- _AIM OF THE EXERCISE_: Pictures stay out, but every line of the data is copied exactly.

- _RECORDS FOR THIS TASK_:

= = = = =

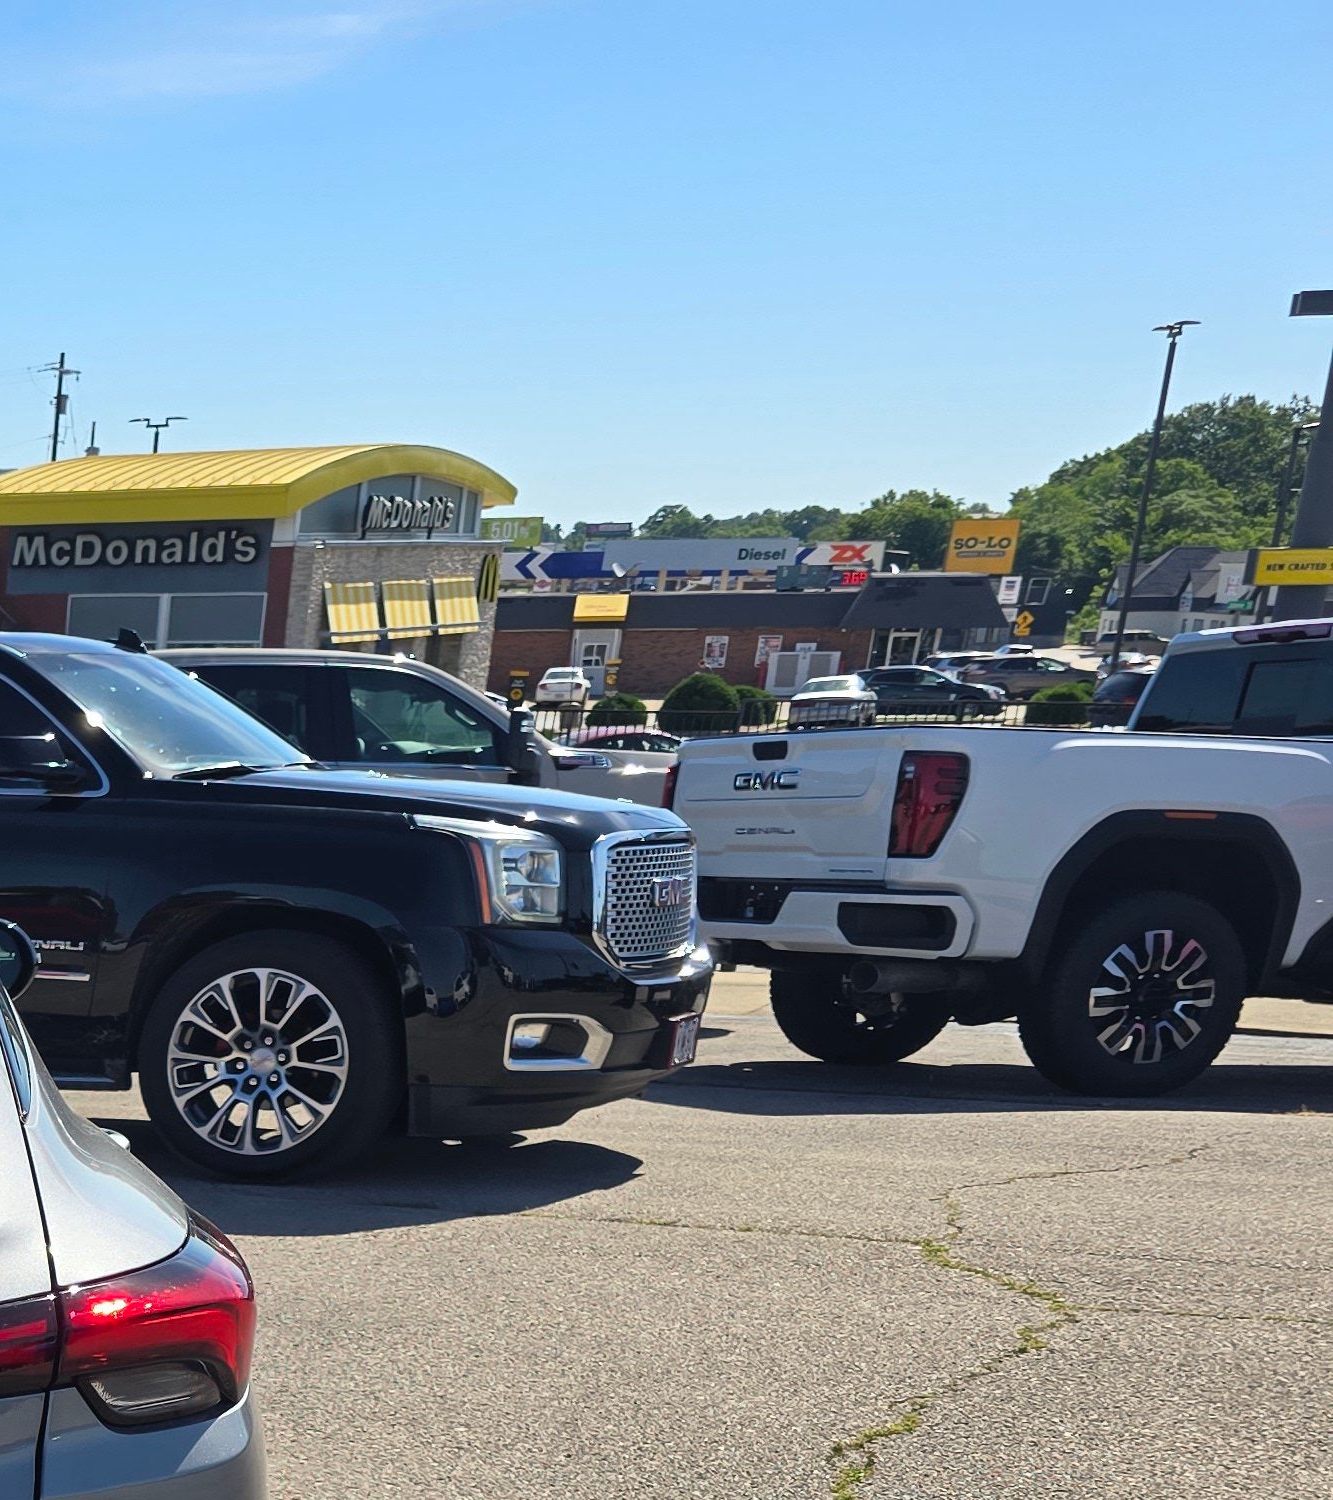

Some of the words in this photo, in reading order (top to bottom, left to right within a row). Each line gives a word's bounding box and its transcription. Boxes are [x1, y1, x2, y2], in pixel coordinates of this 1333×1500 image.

[364, 495, 454, 529] McDonald's
[11, 530, 258, 567] McDonald's
[953, 536, 1012, 550] SO-LO
[737, 547, 786, 561] Diesel
[1266, 563, 1286, 571] NEW
[1287, 562, 1327, 571] CRAFTED
[733, 768, 802, 791] GMC

= = = = =

- _WRITTEN RESPONSE_:
Some of the words in this photo, in reading order (top to bottom, left to right within a row). Each line gives a word's bounding box and its transcription. Boxes are [x1, y1, x2, y2], in pixel coordinates of this 1333×1500 image.

[364, 495, 454, 529] McDonald's
[11, 530, 258, 567] McDonald's
[953, 536, 1012, 550] SO-LO
[737, 547, 786, 561] Diesel
[1266, 563, 1286, 571] NEW
[1287, 562, 1327, 571] CRAFTED
[733, 768, 802, 791] GMC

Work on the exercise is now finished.